* What you need to do
Write out the entries exactly. None of the pictures should appear in the copy.

* Records contained in a dataset
######

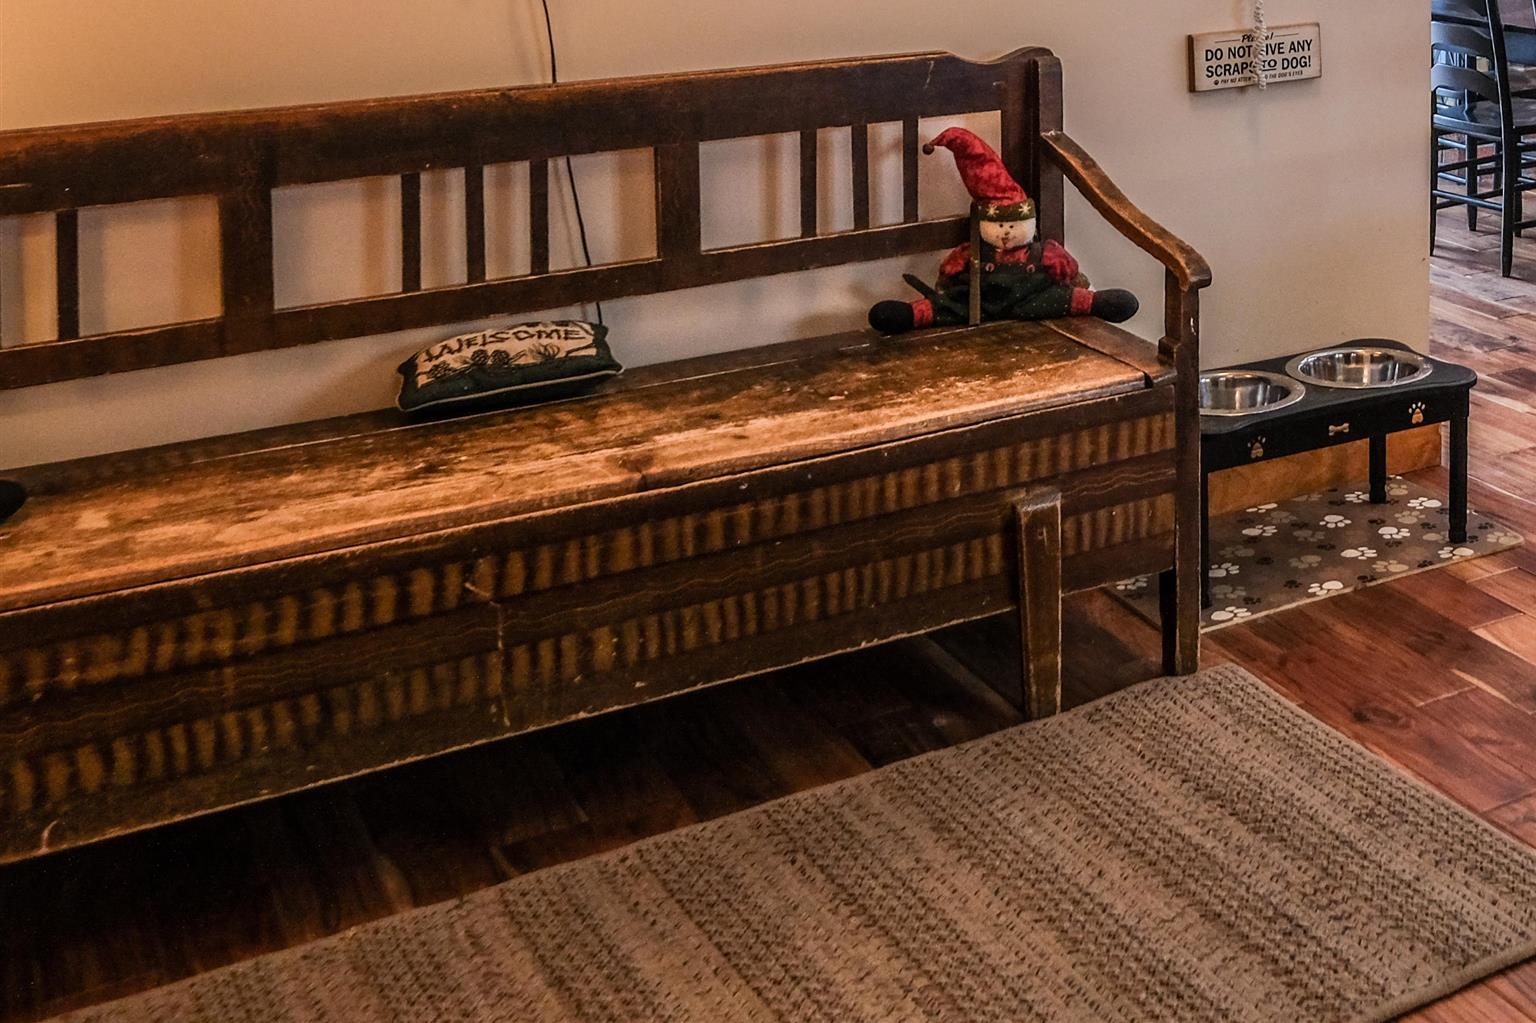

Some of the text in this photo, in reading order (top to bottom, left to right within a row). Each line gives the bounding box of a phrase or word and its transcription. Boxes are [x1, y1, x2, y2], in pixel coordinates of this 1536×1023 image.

[1205, 38, 1313, 62] DO NOT IVE ANY
[1281, 55, 1312, 71] DOG!
[423, 327, 588, 363] WELCOME
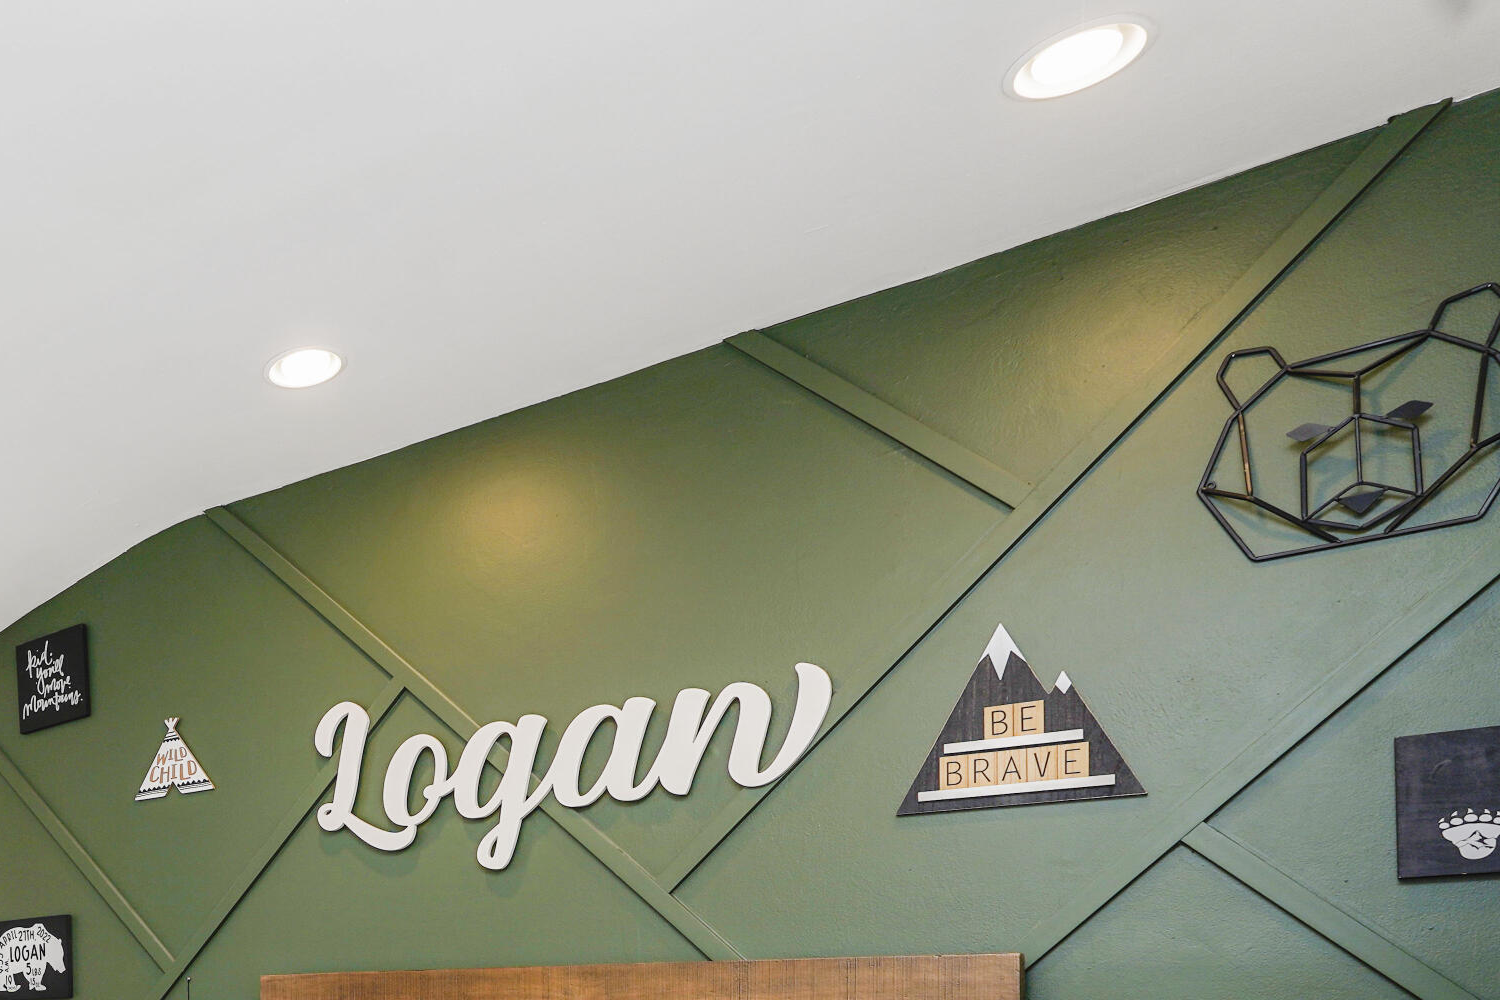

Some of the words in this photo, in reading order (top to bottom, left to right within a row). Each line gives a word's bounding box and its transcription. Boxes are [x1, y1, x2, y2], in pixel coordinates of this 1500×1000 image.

######

* The answer
Some of the text in this photo, in reading order (top to bottom, left to right within a row). Each line gives the bounding box of a phrase or word and its transcription. Boxes are [x1, y1, x2, y2], in pixel coordinates of this 1536×1023 image.

[1205, 38, 1313, 62] DO NOT IVE ANY
[1281, 55, 1312, 71] DOG!
[423, 327, 588, 363] WELCOME

Some of the words in this photo, in reading order (top to bottom, left to right within a row). Each line gives a word's bounding box and its transcription. Boxes are [x1, y1, x2, y2], in pixel coordinates of this 1500×1000 image.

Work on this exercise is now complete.